Published daily by the Lowy Institute

Indonesia is talking tough on drugs, and Australians should listen

We need a more concerted effort to warn intrepid Australians that some countries see drugs as an existential threat.

Photo: Flickr/Republic of Korea
Photo: Flickr/Republic of Korea
Published 1 Sep 2017 

Last month, Indonesian President Joko Widodo issued a stern missive to the law enforcement agencies responsible for tackling drug crime: 'Be firm, especially to foreign drug dealers who enter the country and resist arrest. Gun them down. Give no mercy because we indeed are in a narcotics emergency position now.'

Widodo's statement (his strongest language yet on drugs) has prompted international criticism and comparisons with Philippine President Rodrigo Duterte, whose notorious war on drugs has killed at least 8000 people.

The comparison to Duterte is unfair in a number of respects. Amnesty International puts the number of drug-related extrajudicial killings in Indonesia at 60 so far this year. This pales in comparison to the 80 killed across Manila in just three nights between 16–18 August. Even toddlers have been caught in the crossfire.

This is not the first time Widodo has called the drug problem a national emergency. He used similar rhetoric in 2015 before the execution of eight convicted drug smugglers, mostly foreigners (including Australians Andrew Chan and Myuran Sukumaran). While Widodo's recent statements take an even harder line, they do not signal a major departure from his longstanding position or from existing practice.

Widodo's police chief Tito Karnavian and the head of the national narcotics agency Budi Waseso have both denied Indonesia is taking a leaf out of the Philippine playbook. They say Indonesia has its own laws to protect its citizens from the drugs scourge. Police already have powers to shoot drug suspects who violently resist arrest or retaliate. And so far there has been no announcement of new policy or legislative changes that would open the door for a rise in extrajudicial killings.

Widodo will be cautious about overreaching and attracting the kind of domestic backlash that is growing in the Philippines. The anti-drugs agenda is broadly supported by Indonesians, but as the Philippines experience has shown, drugs crackdowns disproportionately affect the urban poor. At recent protests in Manila, hundreds of Filipinos carried placards accusing Duterte of targeting the poor rather than drug kingpins. With Widodo making poverty alleviation a more prominent part of his government's agenda, he will be loath to introduce any war on drugs that is perceived to be a war on the poor.

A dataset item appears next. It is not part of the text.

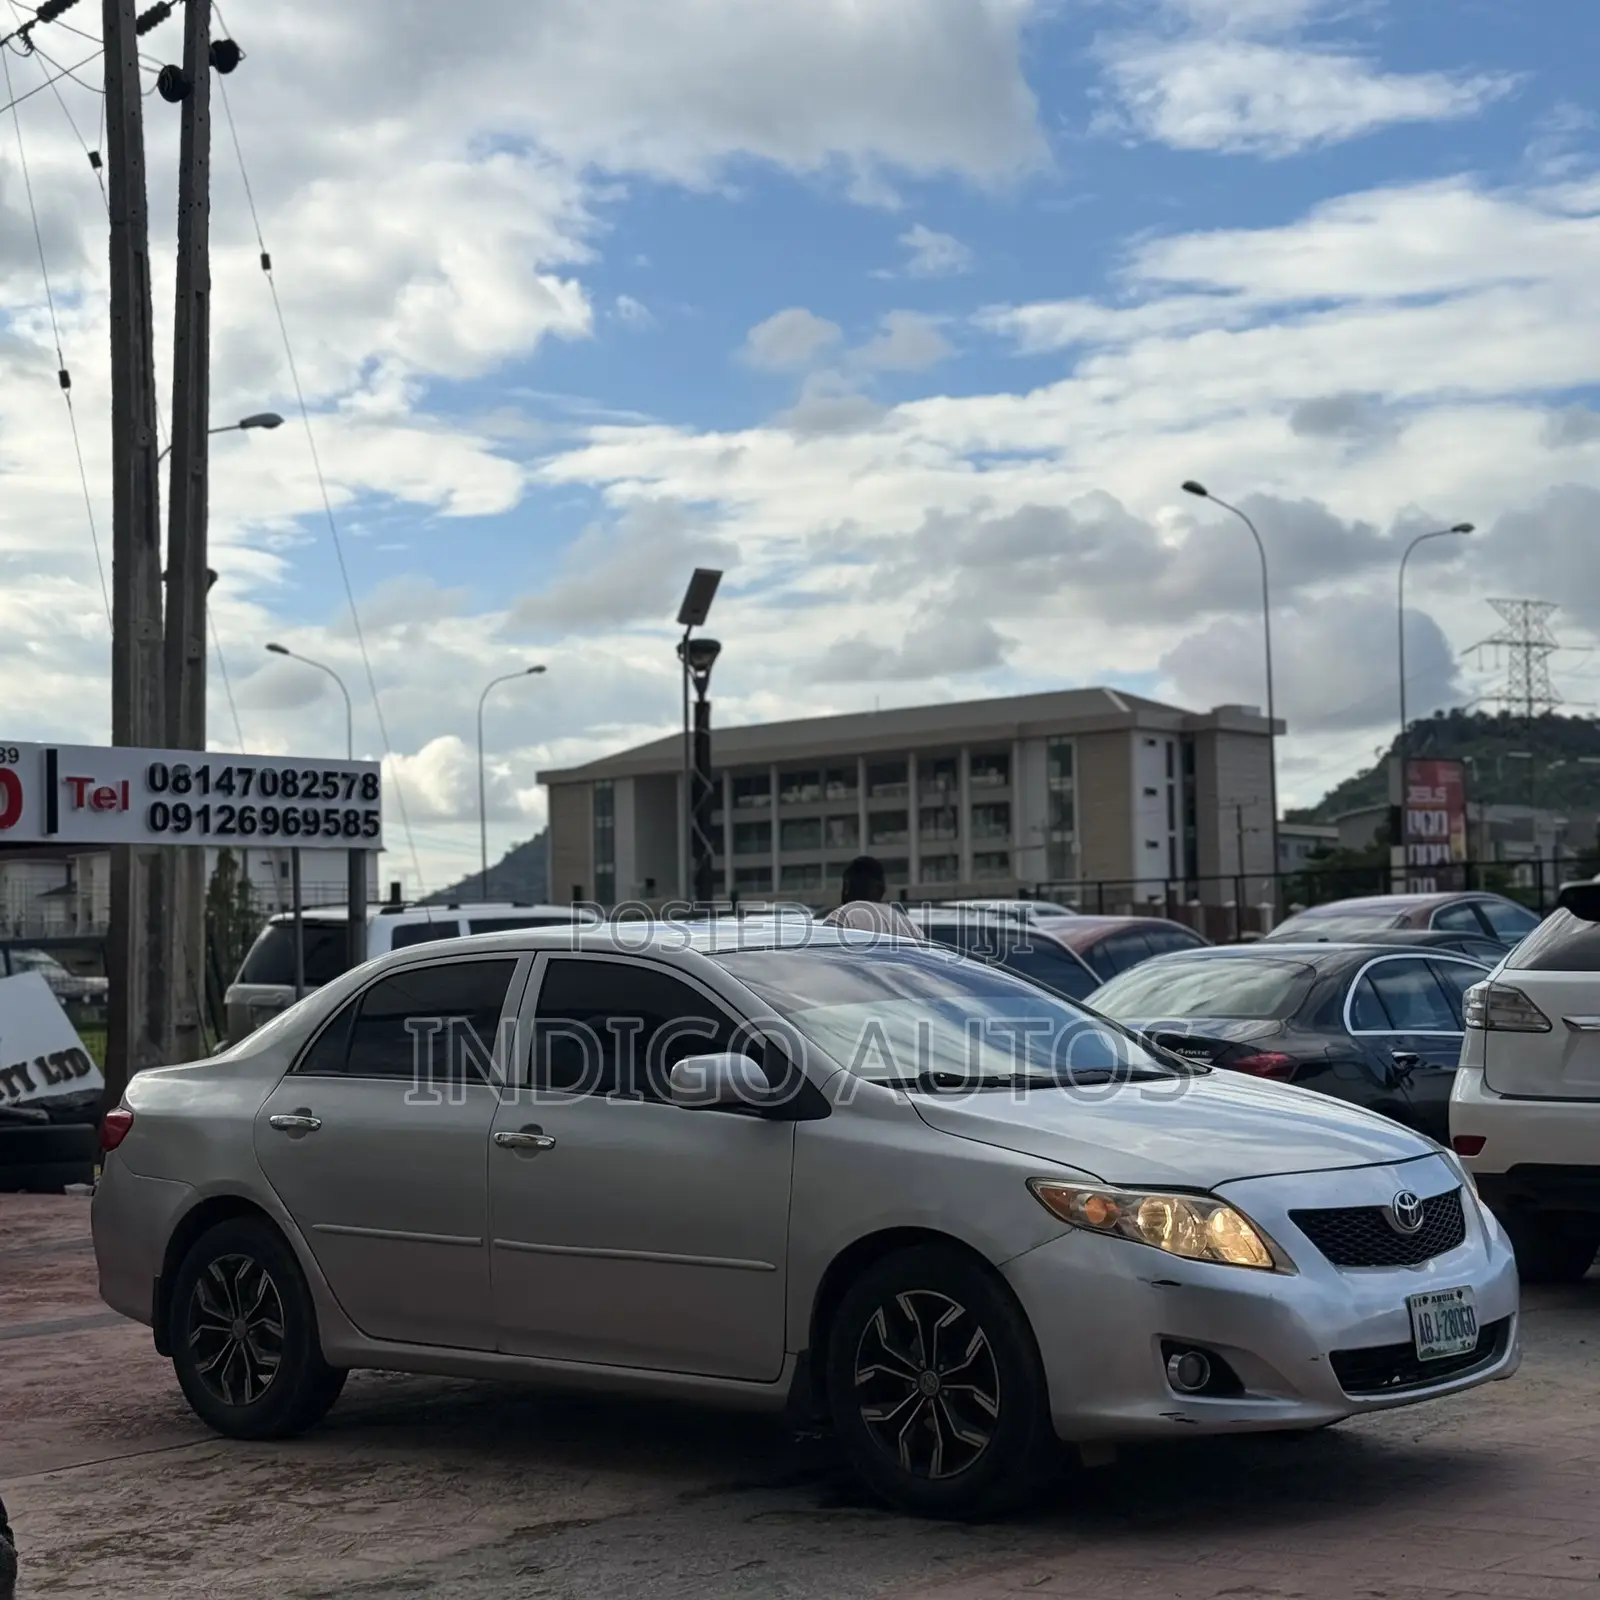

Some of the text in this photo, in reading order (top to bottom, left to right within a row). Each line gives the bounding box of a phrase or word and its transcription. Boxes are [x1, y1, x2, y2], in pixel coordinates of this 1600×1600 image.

[64, 776, 130, 811] Tel
[148, 762, 380, 801] 08147082578
[149, 801, 381, 838] 09126969585
[0, 1047, 91, 1100] TY LTD

It's also unlikely that the positions taken by Widodo and Duterte are symptomatic of a wider regional drug crackdown. For example, Malaysia is set to roll back the mandatory death penalty for drug trafficking. Nevertheless, there is a risk that countries in the region could engage in a race to the bottom and progressively set aside human rights considerations in an effort to shift the drug problem outside their borders. Waseso is already claiming that Indonesia has been forced to take stronger action because the success of Duterte's drugs campaign is pushing more crystal methamphetamine (known locally as shabu) into Indonesia. Other countries may yet mount the same argument.

Australia should not overreact to Widodo's tough talk, but nor should we ignore it. Indonesian policies on this issue could affect the more than one million Australians who visit Indonesia each year. It's no coincidence that Widodo singled out foreign drug dealers in his speech, with the implication that these foreigners should be made examples of. A week earlier, a suspected drug trafficker from Taiwan, Lin Ming Hui, was gunned down by police near Jakarta as he tried to escape.

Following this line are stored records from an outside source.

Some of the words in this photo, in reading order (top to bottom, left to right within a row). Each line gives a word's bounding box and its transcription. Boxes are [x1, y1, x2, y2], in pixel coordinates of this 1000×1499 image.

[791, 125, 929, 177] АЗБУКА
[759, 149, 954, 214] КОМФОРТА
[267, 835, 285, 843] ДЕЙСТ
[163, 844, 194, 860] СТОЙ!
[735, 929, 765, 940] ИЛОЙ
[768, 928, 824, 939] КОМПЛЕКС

Drug cases have seriously strained Australia's relations with Indonesia in the recent past. Australia's domestic policy on illicit drugs takes a harm minimisation approach that would be considered permissive by Indonesian standards and by most of our Asian neighbours. Many Indonesians viewed Australia's pleas to stay the executions of Chan and Sukumaran as hysterical and insulting to Indonesia's sovereign right to enforce their laws. The prospect of an Australian being caught up in another trafficking case in Indonesia would be a diplomatic nightmare.

Public advocacy and private protests from Australia are unlikely to soften Indonesia's stance on drugs. It certainly didn't work in 2015. If anything, Widodo may ramp up the popular campaign in the run-up to the 2019 presidential race as he competes against more hardline candidates.

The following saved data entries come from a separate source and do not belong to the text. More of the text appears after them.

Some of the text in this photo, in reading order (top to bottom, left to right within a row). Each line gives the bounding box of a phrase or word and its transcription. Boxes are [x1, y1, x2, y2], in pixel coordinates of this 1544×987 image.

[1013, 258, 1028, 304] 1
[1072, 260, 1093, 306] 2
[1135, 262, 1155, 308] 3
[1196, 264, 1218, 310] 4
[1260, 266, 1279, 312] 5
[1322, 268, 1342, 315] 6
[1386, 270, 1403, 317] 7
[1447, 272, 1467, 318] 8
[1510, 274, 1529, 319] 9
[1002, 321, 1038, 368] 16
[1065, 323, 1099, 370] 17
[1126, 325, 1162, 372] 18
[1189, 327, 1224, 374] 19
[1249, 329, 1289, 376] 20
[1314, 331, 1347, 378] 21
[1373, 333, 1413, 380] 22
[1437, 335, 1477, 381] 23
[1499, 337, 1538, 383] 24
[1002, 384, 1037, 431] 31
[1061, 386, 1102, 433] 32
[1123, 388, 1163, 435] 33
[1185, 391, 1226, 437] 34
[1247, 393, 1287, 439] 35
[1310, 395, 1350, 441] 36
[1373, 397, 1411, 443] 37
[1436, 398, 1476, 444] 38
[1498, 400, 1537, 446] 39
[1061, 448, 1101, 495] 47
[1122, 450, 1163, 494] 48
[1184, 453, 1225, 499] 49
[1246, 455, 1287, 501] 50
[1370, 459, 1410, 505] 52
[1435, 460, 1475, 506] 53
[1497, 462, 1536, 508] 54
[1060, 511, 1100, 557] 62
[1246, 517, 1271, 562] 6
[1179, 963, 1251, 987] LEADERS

More pragmatic efforts could be directed towards deterring Australians from doing the wrong thing in the first place. A few lines of caution on the SmartTraveller website is a start, but as Cassie Sainsbury and other examples show, it's not nearly enough. In 2015-16, over a third of Australians in prison overseas (149 out of 391) were there for drug-related offences. There needs to be a more concerted effort to warn our intrepid Australians that some countries see drugs as an existential threat to security and society and will not hesitate to impose harsh penalties on offenders. Target the campaign to every university campus, STA Travel outlet and travel doctor until the message sinks in. Lives, and diplomatic relationships, might depend on it.